Flexible Drug Approval Policies
40 Pages Posted: 29 Aug 2017 Last revised: 18 Jul 2019
Date Written: October 11, 2018
Abstract
Problem Definition: To approve a novel drug therapy, the U.S. Food and Drug Administration (FDA) requires clinical trial evidence demonstrating efficacy with 2.5% statistical significance, although the agency often uses regulatory discretion when interpreting these standards. Factors including disease severity, prevalence, and availability of existing therapies are qualitatively considered, yet current guidelines fail to systematically consider such characteristics in approval decisions.
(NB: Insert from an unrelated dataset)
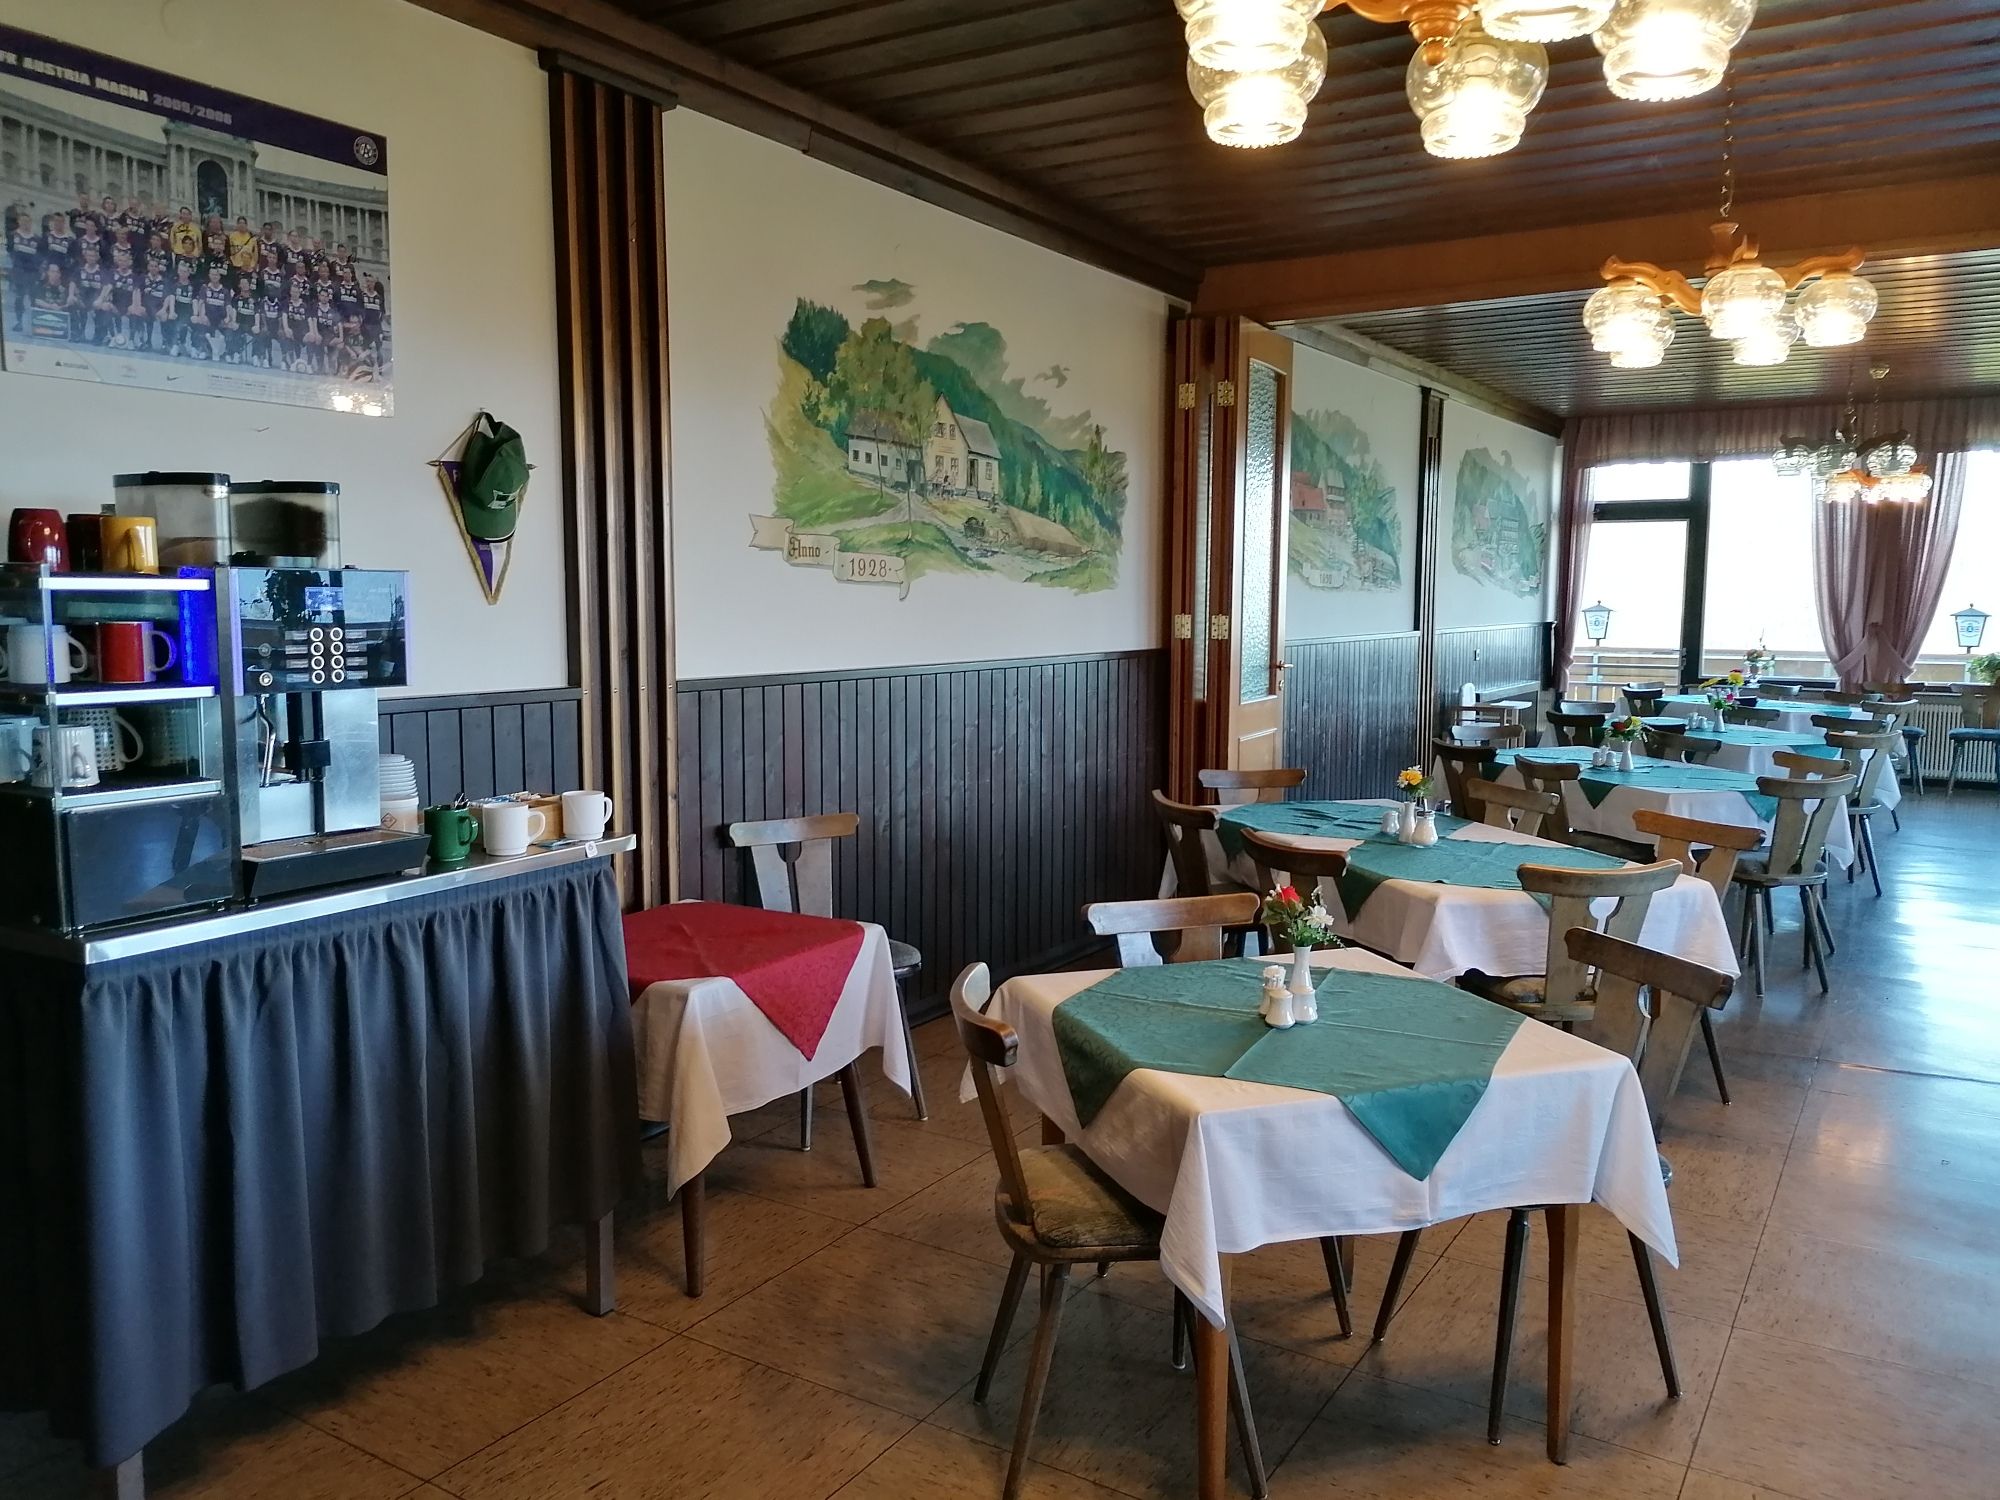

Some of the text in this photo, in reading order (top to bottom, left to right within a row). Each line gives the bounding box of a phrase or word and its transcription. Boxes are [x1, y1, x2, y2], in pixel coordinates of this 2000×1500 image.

[22, 57, 91, 87] AUSTRIA
[788, 536, 821, 560] Anno
[849, 558, 888, 578] 1928
Practical Relevance: New drug approval requires weighing the risks of committing type I and II errors against the potential benefits of introducing life-saving therapies. Approval standards tailored to individual diseases could improve treatment options for patients with few alternatives, potentially incentivizing pharmaceutical companies to invest in neglected diseases.
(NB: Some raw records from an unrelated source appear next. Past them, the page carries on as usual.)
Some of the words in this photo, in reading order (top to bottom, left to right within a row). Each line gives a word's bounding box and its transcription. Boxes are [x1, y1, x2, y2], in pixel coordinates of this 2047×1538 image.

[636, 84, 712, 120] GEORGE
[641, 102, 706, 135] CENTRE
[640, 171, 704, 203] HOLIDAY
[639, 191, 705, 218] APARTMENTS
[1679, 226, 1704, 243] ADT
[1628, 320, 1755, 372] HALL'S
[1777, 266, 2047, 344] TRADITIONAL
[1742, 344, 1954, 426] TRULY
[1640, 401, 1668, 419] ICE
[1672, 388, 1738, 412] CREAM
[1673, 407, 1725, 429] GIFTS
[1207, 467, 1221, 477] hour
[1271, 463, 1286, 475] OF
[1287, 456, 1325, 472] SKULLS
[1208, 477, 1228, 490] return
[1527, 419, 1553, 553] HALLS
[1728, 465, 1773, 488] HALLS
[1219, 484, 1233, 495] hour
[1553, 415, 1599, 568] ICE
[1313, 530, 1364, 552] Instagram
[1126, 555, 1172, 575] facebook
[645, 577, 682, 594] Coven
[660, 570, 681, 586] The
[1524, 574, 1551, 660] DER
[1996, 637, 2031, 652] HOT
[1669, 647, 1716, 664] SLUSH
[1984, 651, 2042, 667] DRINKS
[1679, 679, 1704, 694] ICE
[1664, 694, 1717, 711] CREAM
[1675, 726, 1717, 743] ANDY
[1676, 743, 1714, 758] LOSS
Methodology: We propose a novel queueing framework to analyze the FDA's drug approval decision-making process that explicitly incorporates these factors, as well as obsolescence---when newer drugs replace older formulas---through the use of pre-emptive M/M/1/1 queues. Using public data encompassing all registered U.S. clinical trials and FDA-approved drugs, we estimate parameters for three high-burden diseases: breast cancer, HIV, and hypertension.
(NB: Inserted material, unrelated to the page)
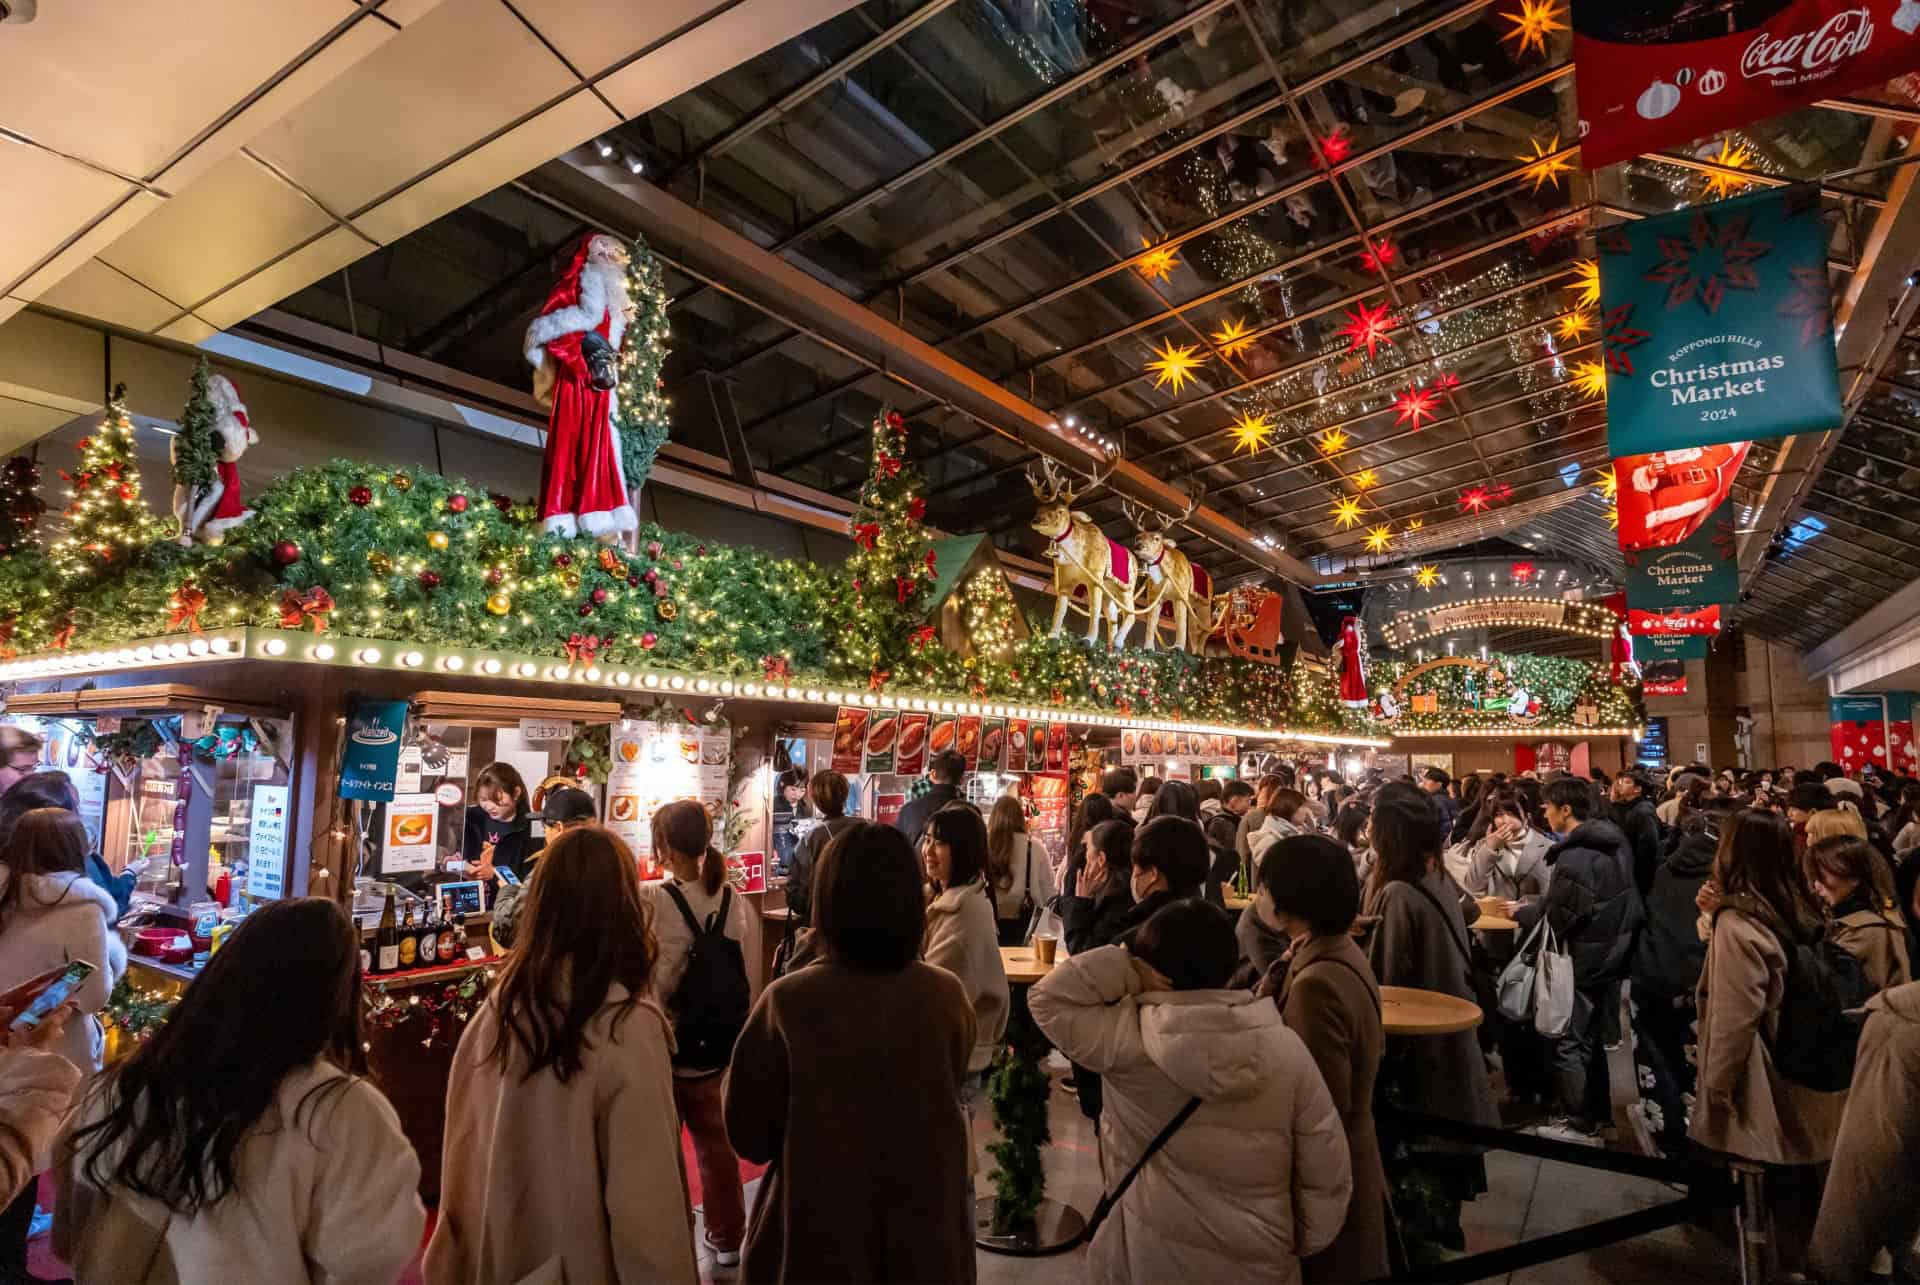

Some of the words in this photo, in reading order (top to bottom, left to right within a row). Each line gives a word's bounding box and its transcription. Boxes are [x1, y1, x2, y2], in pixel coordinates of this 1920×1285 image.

Results: Given an objective of maximizing net societal benefits, including health benefits and the monetary value of drug approval/rejection, the optimal policy relaxes approval standards for drugs targeting diseases with long clinical trials, high attrition during development, or low R&D intensity. Our results indicate that the current 2.5% significance level is too stringent for some diseases yet too lenient for others. A counterfactual analysis demonstrates that the FDA's Fast Track program---offering expedited review of therapies for life-threatening diseases---achieves a level of societal benefit that cannot be attained by solely changing approval standards.
Managerial Implications: Our study offers a transparent, quantitative framework that can help the FDA issue disease-specific approval guidelines based on underlying disease severity, prevalence, and characteristics of the drug development process and existing market.